McKenzie River Native Fish Coalition is an organization with the goal of reducing or removing hatchery trout from the McKenzie River.

The Oregon Department of Fish & Wildlife, which acknowledges that the hatchery releases take a significant toll on the native trout population, insists that anglers want the hatchery trout in the river. The McKenzie River Native Trout Coalition along with Trout Unlimited Chapter 678 is proving that true wild fish management is what anglers, and the McKenzie River, need. This is a true grassroots effort to protect the McKenzie River’s beloved native “redside” rainbow trout by reducing the impacts from hatchery rainbows released for a put and take fishery on the river.

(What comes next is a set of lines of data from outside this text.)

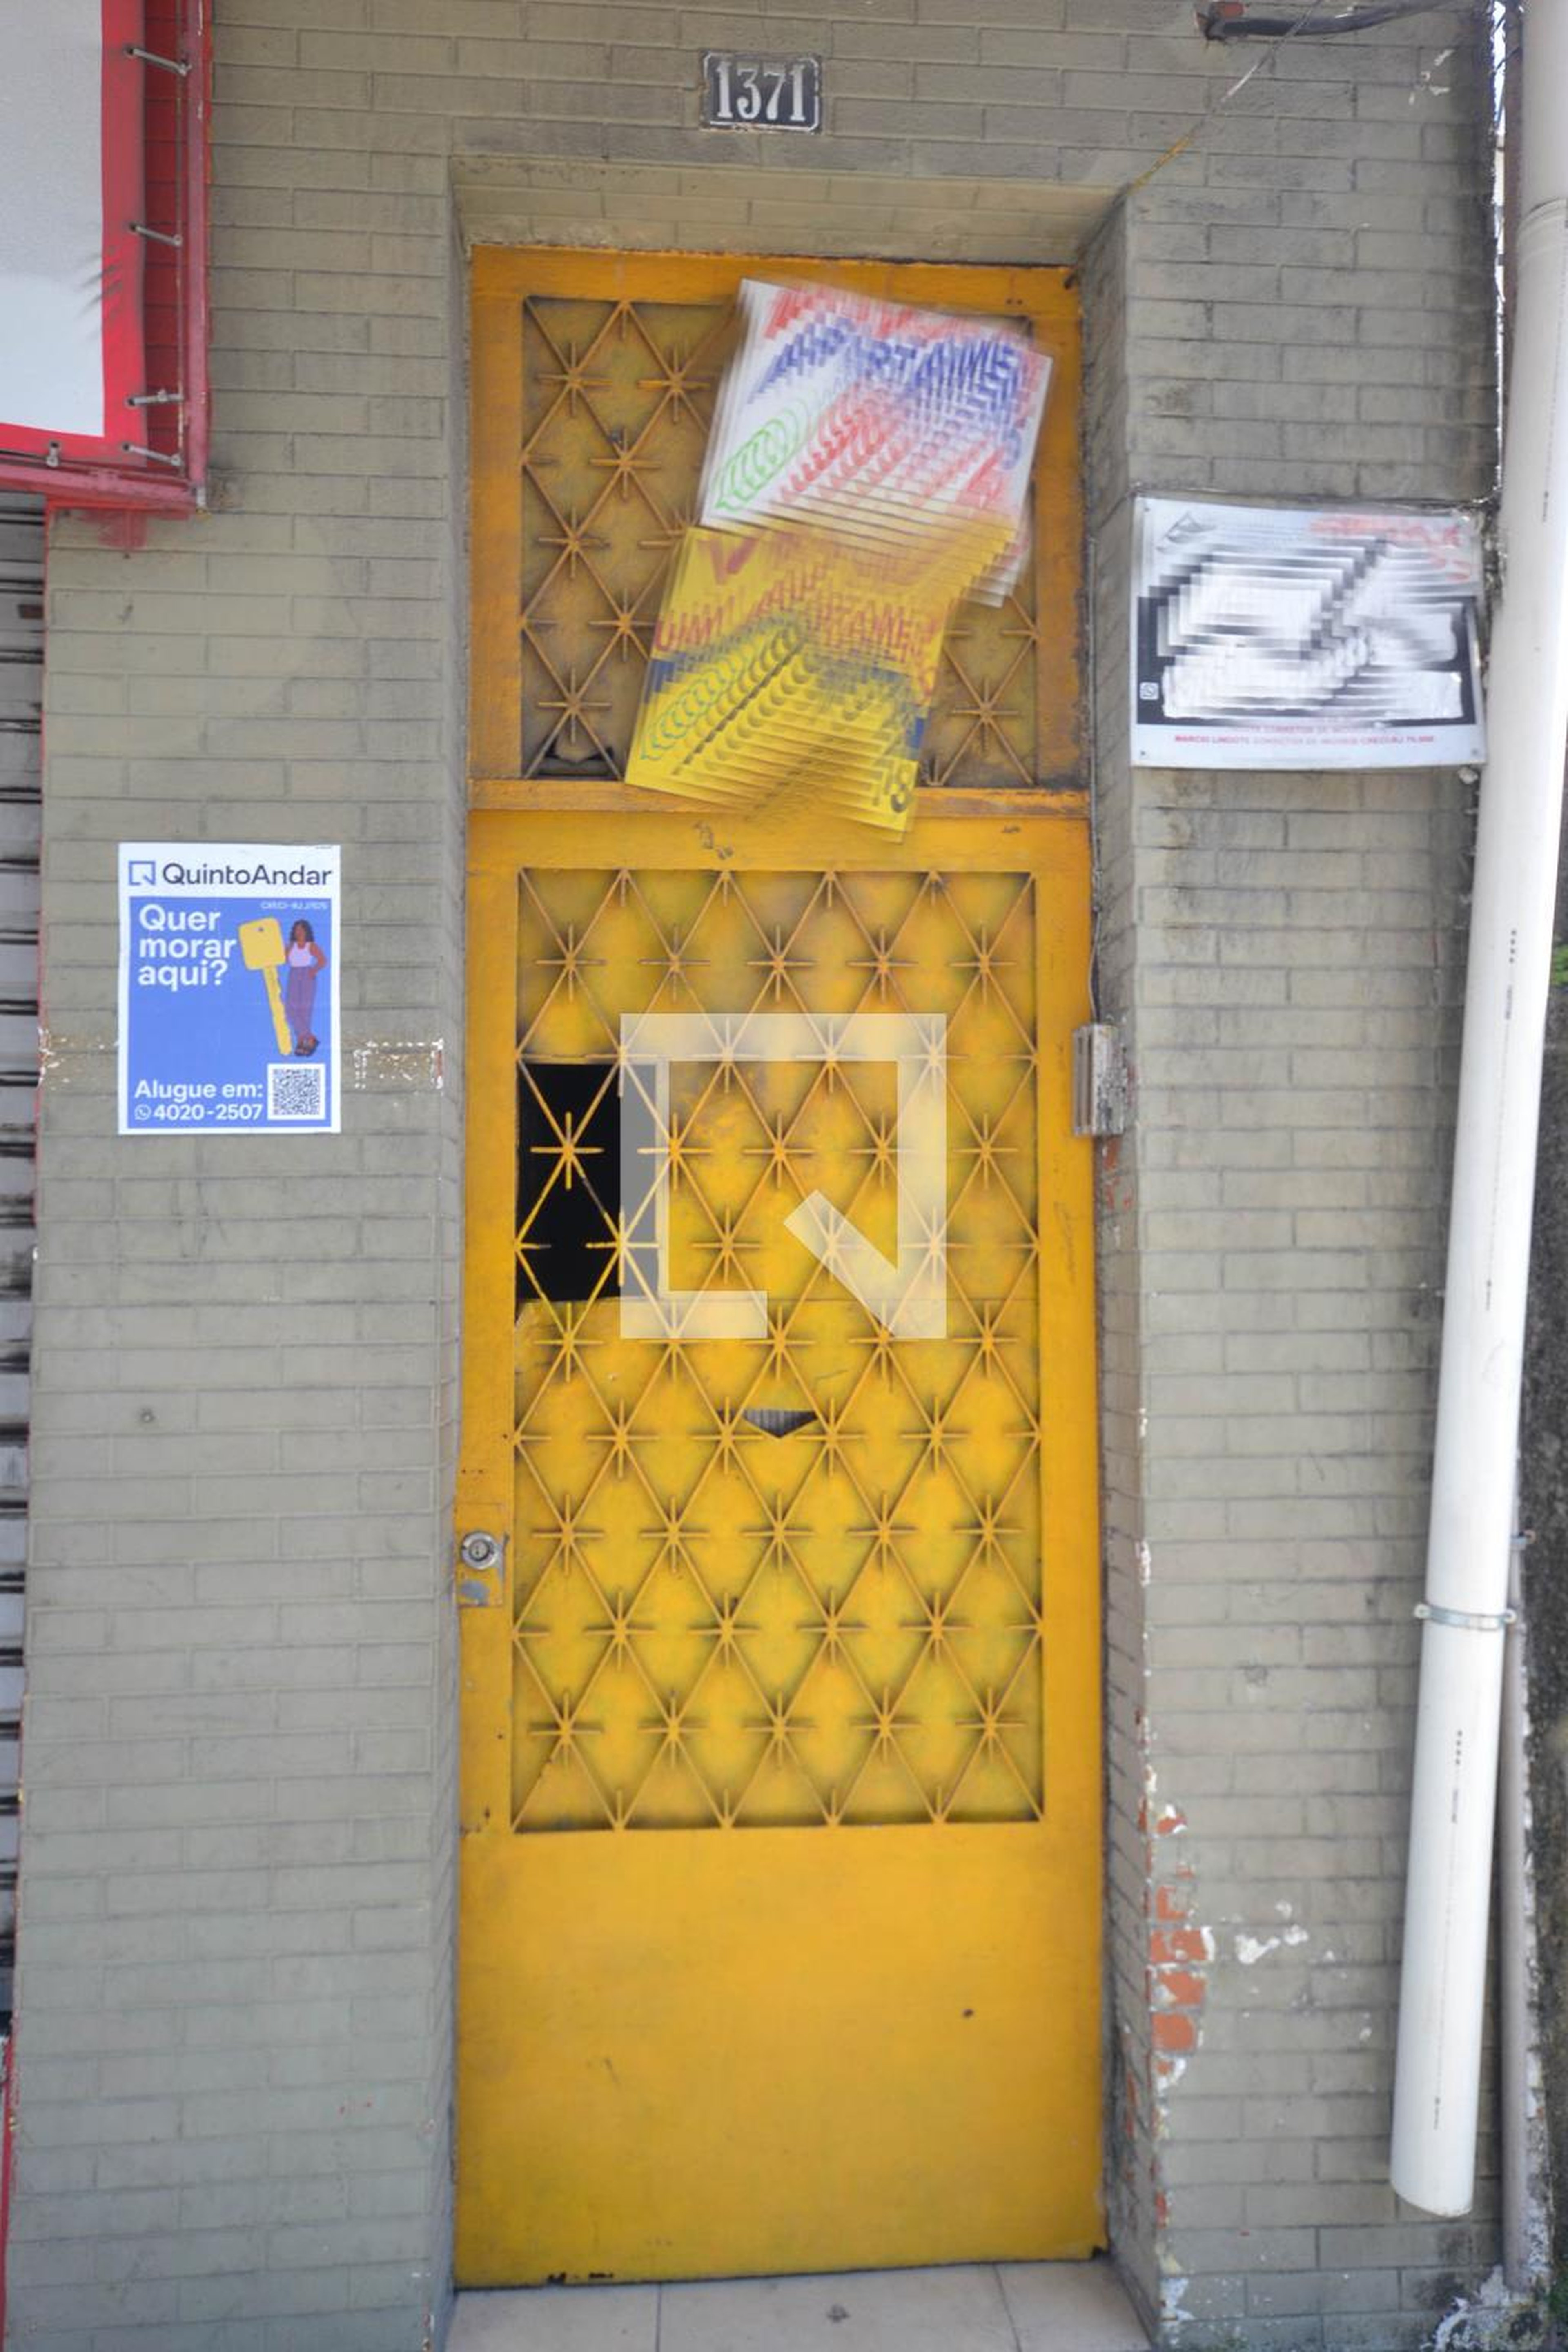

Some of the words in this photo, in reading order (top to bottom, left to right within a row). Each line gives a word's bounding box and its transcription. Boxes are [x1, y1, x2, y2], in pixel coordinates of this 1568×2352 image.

[716, 60, 806, 122] 1371
[163, 863, 332, 886] QuintoAndar
[139, 904, 221, 931] Quer
[140, 938, 236, 960] morar
[138, 960, 228, 992] aqui?
[135, 1079, 217, 1103] Alugue
[222, 1083, 263, 1098] em:
[154, 1105, 263, 1120] 4020-2507

For nearly 100 years, the McKenzie’s native redside populations have been depressed, often by the very agencies we’ve appointed to protect them. Oregon started planting hatchery rainbows in the McKenzie River in 1921, and hasn’t let up since. By 1947, the wild fish population in the McKenzie was already reduced. According to creel surveys, 45% of the fish caught in those years were hatchery fish.

ODFW stocks the McKenzie River from Blue River to around Hendricks Bridge with 113,000 fish. Hatchery trout are introduced to the system almost every week in the prime growing season for wild fish. This competition for food and constant angler pressure for hatchery trout has depressed the wild population of redside trout in 38 miles of river.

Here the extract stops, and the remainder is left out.